Get ready for another process post! This one’s about creating digital color mock ups to use when you are analogue painting. ;)
The piece I’m using as an example is a small section of a painting I just finished for Appleseeds! :D This will be published in October.
The reason I paint these digital mock ups is because I’ve found that I default to boring and bad color choices for characters. Digital mock ups help me use color more confidently and creatively.
First, I paint the background using traditional media. I don’t paint the figures at this point, in fact, they are masked with frisket film so I don’t mess them up. The reason I paint the background first is so I have something to base my characters’ colors on. Once the background is done I remove the frisket film and scan the painting then open it up in Photoshop. This is where I can play around with color! Yay! To choose the best colors I think about a couple of things:
- Mood (sad, happy, etc…)
- The tone of the painting (warm, cool or both!)

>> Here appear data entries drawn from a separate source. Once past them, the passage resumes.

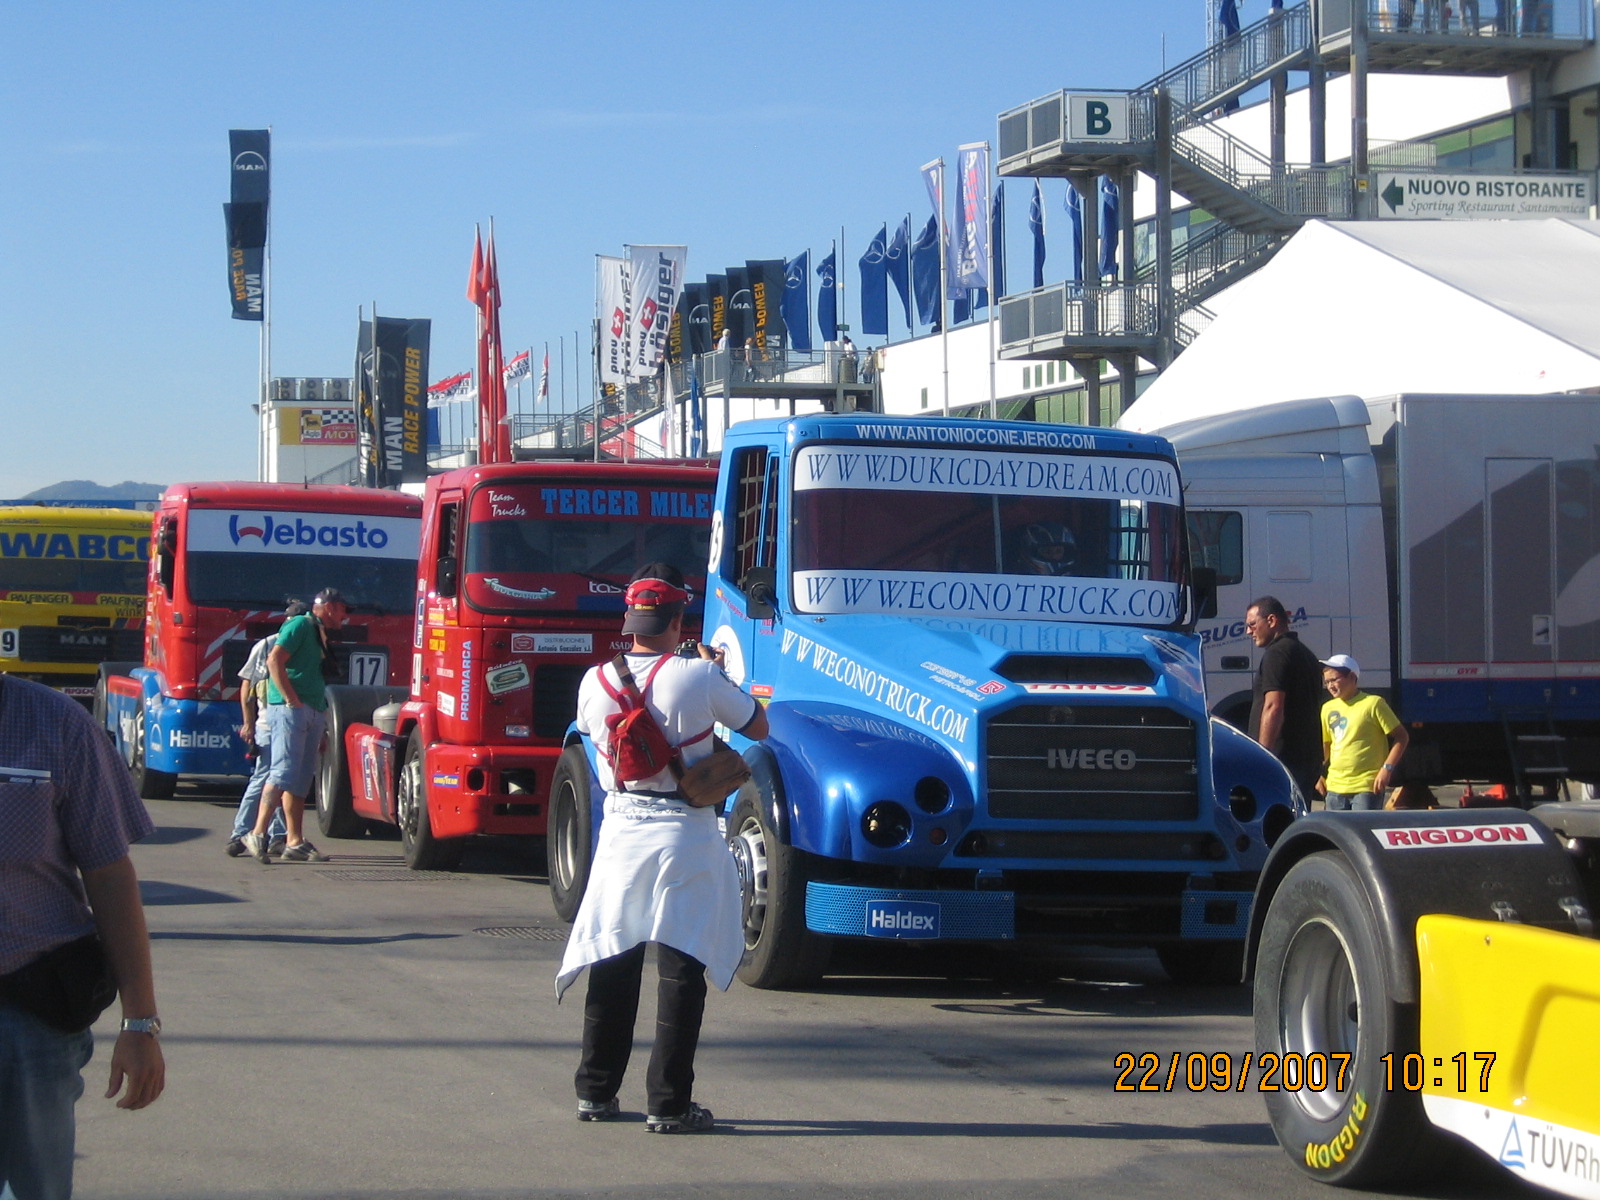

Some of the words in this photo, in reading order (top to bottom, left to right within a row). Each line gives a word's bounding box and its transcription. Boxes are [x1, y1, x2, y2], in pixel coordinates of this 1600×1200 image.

[1086, 101, 1111, 135] B
[1408, 179, 1470, 195] NUOVO
[1476, 182, 1585, 198] RISTORANTE
[1408, 200, 1454, 215] Sporting
[1458, 200, 1515, 213] Restaurant
[1517, 201, 1585, 214] Santamonica
[610, 339, 620, 374] pneu
[638, 331, 648, 367] pneu
[404, 347, 421, 406] POWER
[324, 431, 356, 439] MOT
[384, 416, 403, 471] MAN
[404, 408, 420, 454] RACE
[855, 424, 1096, 449] WWW.ANTONIOCONEJERO.COM
[808, 453, 1174, 499] WWW.DUKICDAYDREAM.COM
[488, 490, 514, 503] Team
[541, 488, 639, 516] TERCER
[650, 492, 716, 518] MILE
[491, 504, 527, 517] Trucks
[229, 513, 389, 549] Webasto
[10, 594, 69, 604] PALFINGER
[100, 595, 146, 607] PALFING
[2, 631, 15, 652] 9
[60, 634, 107, 645] MAN
[355, 657, 381, 686] 17
[460, 640, 472, 720] PROMARCA
[781, 628, 969, 743] WWW.ECONOTRUCK.COM
[169, 729, 231, 748] Haldex
[1047, 749, 1136, 770] IVECO
[1387, 826, 1528, 847] RIGDON
[872, 908, 934, 930] Haldex
[1304, 1092, 1370, 1170] RIGDON

- Contrast (I like to have a variety of contrast from light to dark.)
- How well do these colors go with the existing background.

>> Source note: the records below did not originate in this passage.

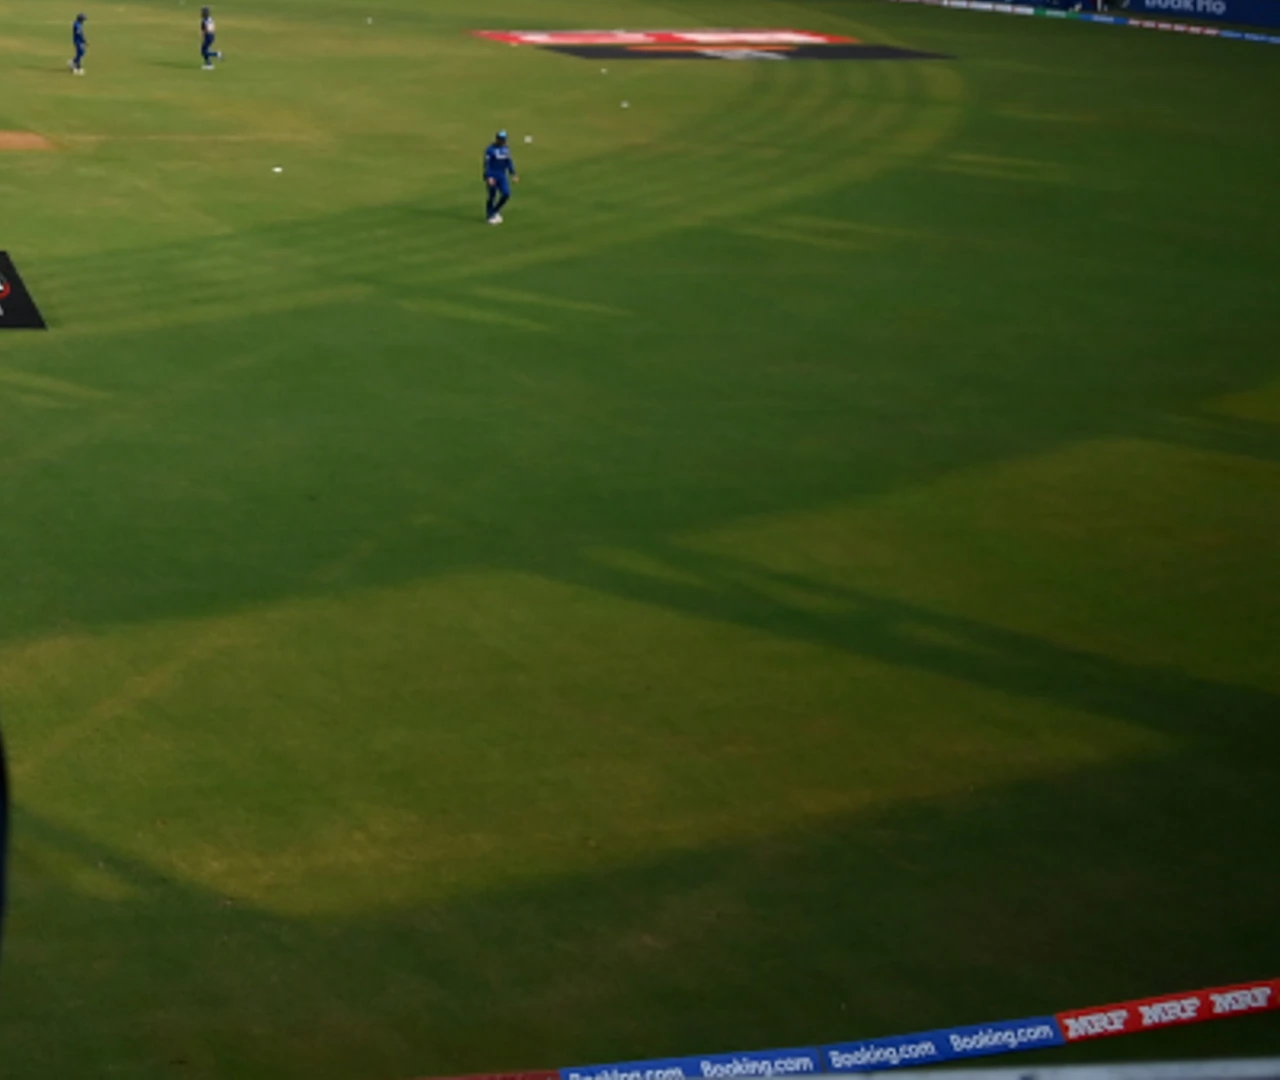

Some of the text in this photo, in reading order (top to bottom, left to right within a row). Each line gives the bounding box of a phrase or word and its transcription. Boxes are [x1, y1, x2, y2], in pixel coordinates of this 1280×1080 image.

[1138, 997, 1202, 1026] MRF
[1209, 986, 1272, 1013] MRF
[949, 1024, 1054, 1052] Booking.com
[1064, 1009, 1130, 1039] MRF
[699, 1056, 814, 1078] Booking.com
[828, 1038, 938, 1069] Booking.com

In Photoshop: I have my painting open and I’ve white balanced and color corrected it already. I open a new layer over the painting and set it to Multiply. This new layer is what I’ll be digitally painting on. Now I get to work choosing my colors. I primarily use the Color Picker to get the shades I want. Then I simply paint those in the new multiplied layer. All the while I make adjustments to the colors to create a painting with a pleasing palette, balanced color distribution, and good contrast.
Tip: If you want to easily change a color without using your brush tool to paint it out, try using the Transparency Lock (I call this the purina symbol).
Select the layer you are wanting to affect then click on the Transparency Lock, select the color you would prefer and just Paint Bucket it on the color you don’t want. This is an easy way to dump new color over old, no need to repaint. Just remember to unselect the Transparency Lock once you are done. If not you’ll find yourself wondering why other tools don’t seem to want to work on that layer. :/
Once I am done with the color mock up I print it out. I prefer to have a print out of my color mock up vs. looking at the computer screen because computer screens are backlit thus it is very hard for me to compare paint on paper to it.
You can see in the top most image a comparison between my Photoshop color mock up and my watercolor painting. There’s some difference due to medium but all in all it’s close! And I know I made better and more thoughtful color choices because of the color mock up!